Exploiting Cancer’s Vulnerabilities
We are developing a pipeline of clinical candidates and researching novel approaches that target cancer cells at key points of vulnerability.
Genomic instability is a principal feature that drives the disease process of almost all cancers. We believe that the adaptation of cancer cells to this instability may represent a vulnerability that can be exploited for the design of cancer-cell specific therapeutics. While healthy human cells die with more than 46 chromosomes, cancer cells can survive with more than 100. In fact, more than 70% of cancer cells have an abnormal number of chromosomes – a state called aneuploidy – creating the opportunity for a pan-cancer strategy to selectively target diseased cells.
The targeting of proteins that function at the intersection of mitosis and DNA damage is a particularly attractive approach that has led to the discovery of two targets of interest:
- PLK4 (Polo-Like Kinase 4), an enzyme necessary for cancer cells to divide and multiply in the presence of increased chromosome count, is a key regulator of centriole duplication. PLK4 is frequently overexpressed in cancer cells and is associated with adverse survival outcomes. Inhibition of PLK4 has been shown to exacerbate genomic instability in cancer cells, forcing cell death.
- TTK/Mps1 (Tyrosine Threonine Kinase) is a conserved dual-specificity protein kinase, an enzyme essential for the maintenance of genomic stability during cell division. It is a critical regulator of the spindle assembly checkpoint (SAC), and its over–expression correlates with high grade in tumors and poor patient outcome.

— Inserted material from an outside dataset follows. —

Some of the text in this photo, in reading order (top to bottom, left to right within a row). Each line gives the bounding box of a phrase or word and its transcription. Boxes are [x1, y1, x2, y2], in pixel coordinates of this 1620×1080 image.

Inhibition of TTK allows cancer cells to progress through mitosis in the presence of misaligned chromosomes, resulting in eventual cell death.

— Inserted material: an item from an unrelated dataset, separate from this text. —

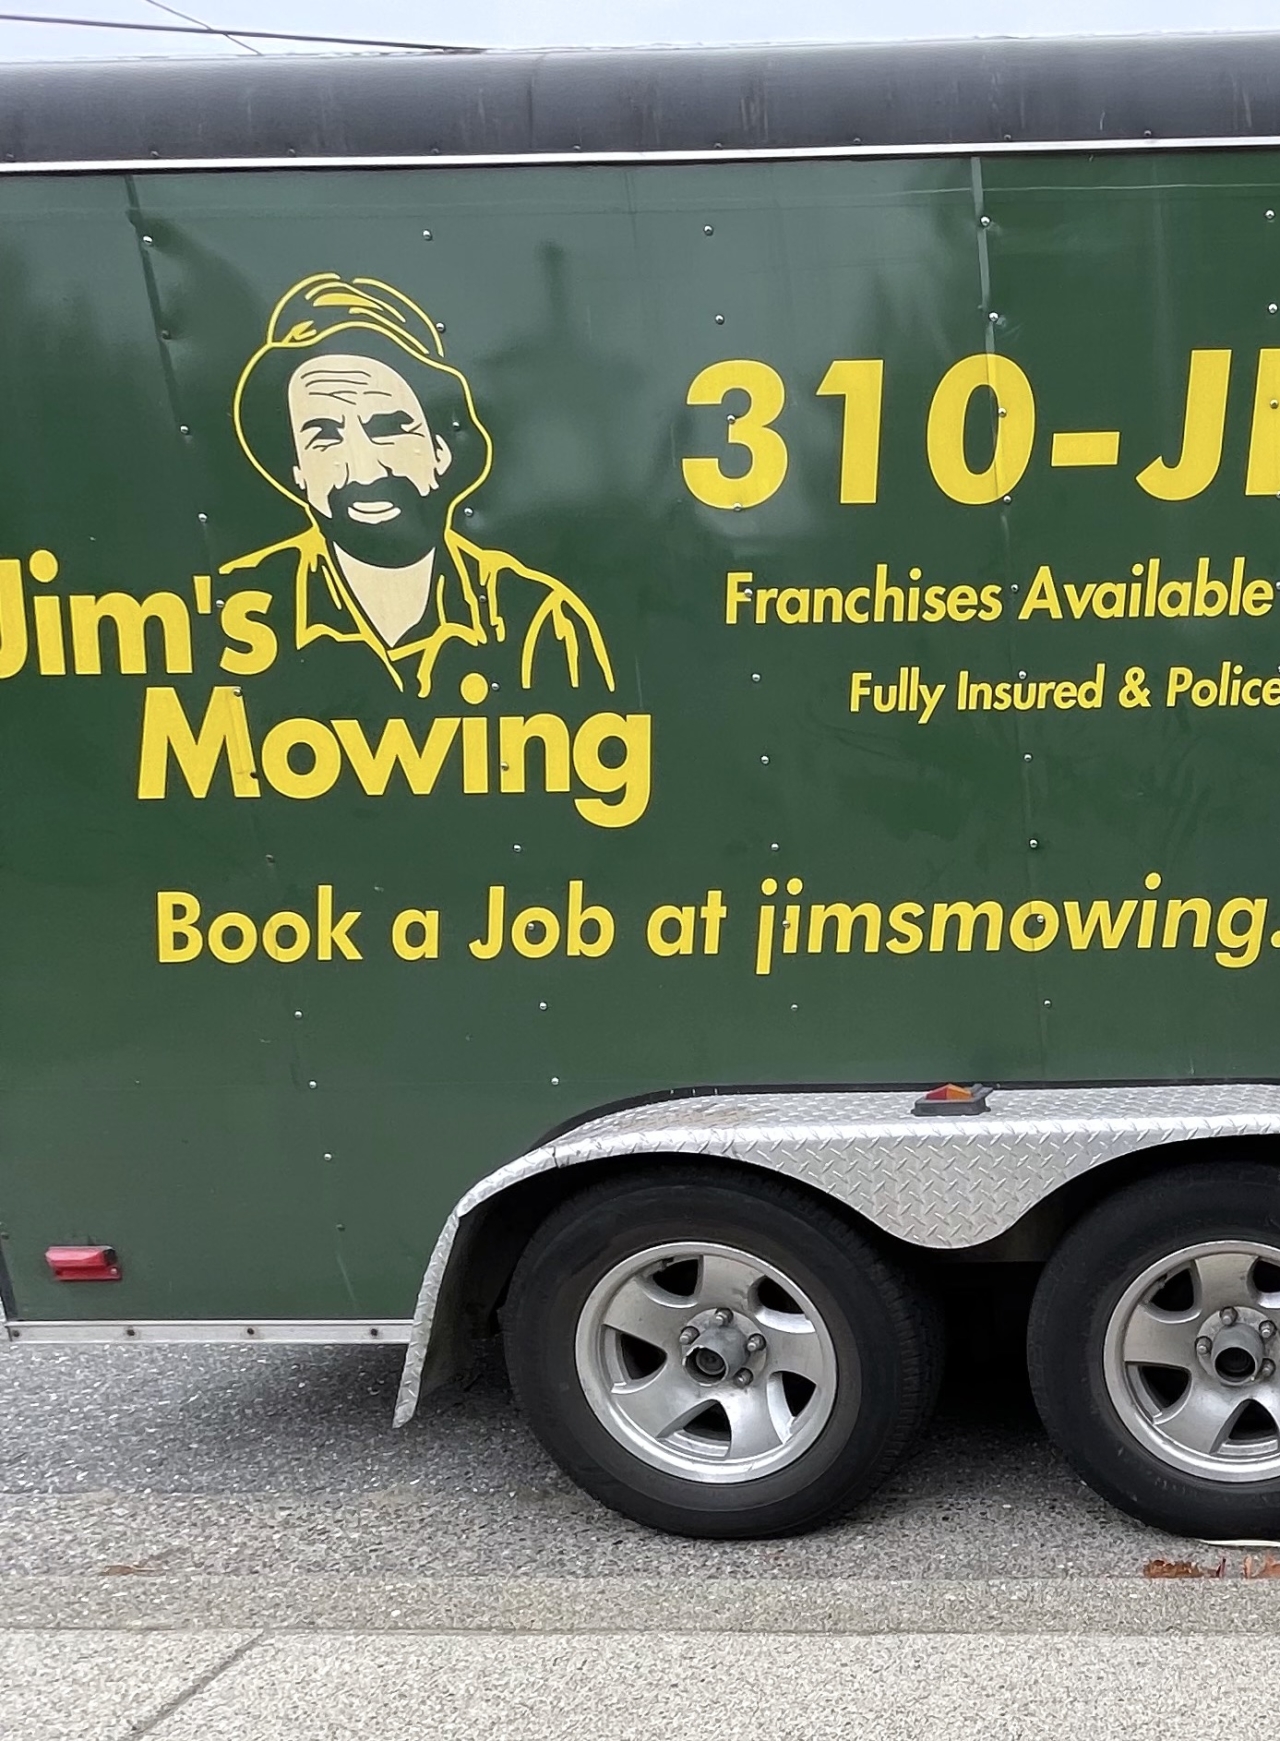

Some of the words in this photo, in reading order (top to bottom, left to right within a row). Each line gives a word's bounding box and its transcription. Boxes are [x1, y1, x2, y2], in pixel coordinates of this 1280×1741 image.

We have designed and have now advanced into clinical development two first-in-class small molecules, designated CFI-400945 and CFI-402257, that potently inhibit PLK4 and TTK/Mps1, respectively. These candidates have shown promise in multiple investigator-sponsored clinical trials to date across a spectrum of highly aggressive cancers.
Treadwell’s candidates target critical steps in the cell cycle, killing genomically unstable and aneuploid cancers increasing
Historically, cancer treatments have primarily focused on either killing or arresting the growth of tumor cells. The pioneering work of one of our founders, Dr. Tak Mak, led to the discovery of immune cell checkpoint proteins and one of the central mechanisms by which cancer cells evade the body’s natural immune defenses. These checkpoints, including PD-1, PD-L1, and CTLA4, are key players in controlling the immune response. While the targeting of these checkpoints therapeutically has emerged as a novel, promising, and commercially successful approach to fighting a broad range of cancers, the clinical efficacy of checkpoint inhibitors has been quite limited to date. The vast majority of patients treated with checkpoint inhibitors don’t respond to therapy, or relapse after initially responding.
The Cancer Cell Immunity Cycle
Discoveries in our laboratories have led us to pursue a strategy of activating the immune system against tumors distinct from the PD-1/PD-L1 blockade and focusing on a novel target:
- HPK1 (Hematopoietic Progenitor Kinase 1, aka MAP4K1) is a kinase enzyme and a critical regulator of immune cell activation, antigen presentation, and T cell responses to immunosuppressive factors. Inhibition of HPK1 has been shown to activate T cells, B cells, and dendritic cells.
CFI-402411 is a novel, orally bioavailable inhibitor of HPK1, discovered through an intensive medicinal chemistry effort and developed by TIO Discovery scientists. Preclinical studies have demonstrated the promise of CFI-402411 as a potential monotherapy in both solid and hematological cancers, and in combination with existing checkpoint inhibitors. . It is our hope that CFI-402411 will provide a novel immuno-oncology strategy strongly differentiated from current therapies.
While pursuing these early successes, our research continues to further identify previously unexplored targets of therapeutic intervention for the most aggressive of cancers.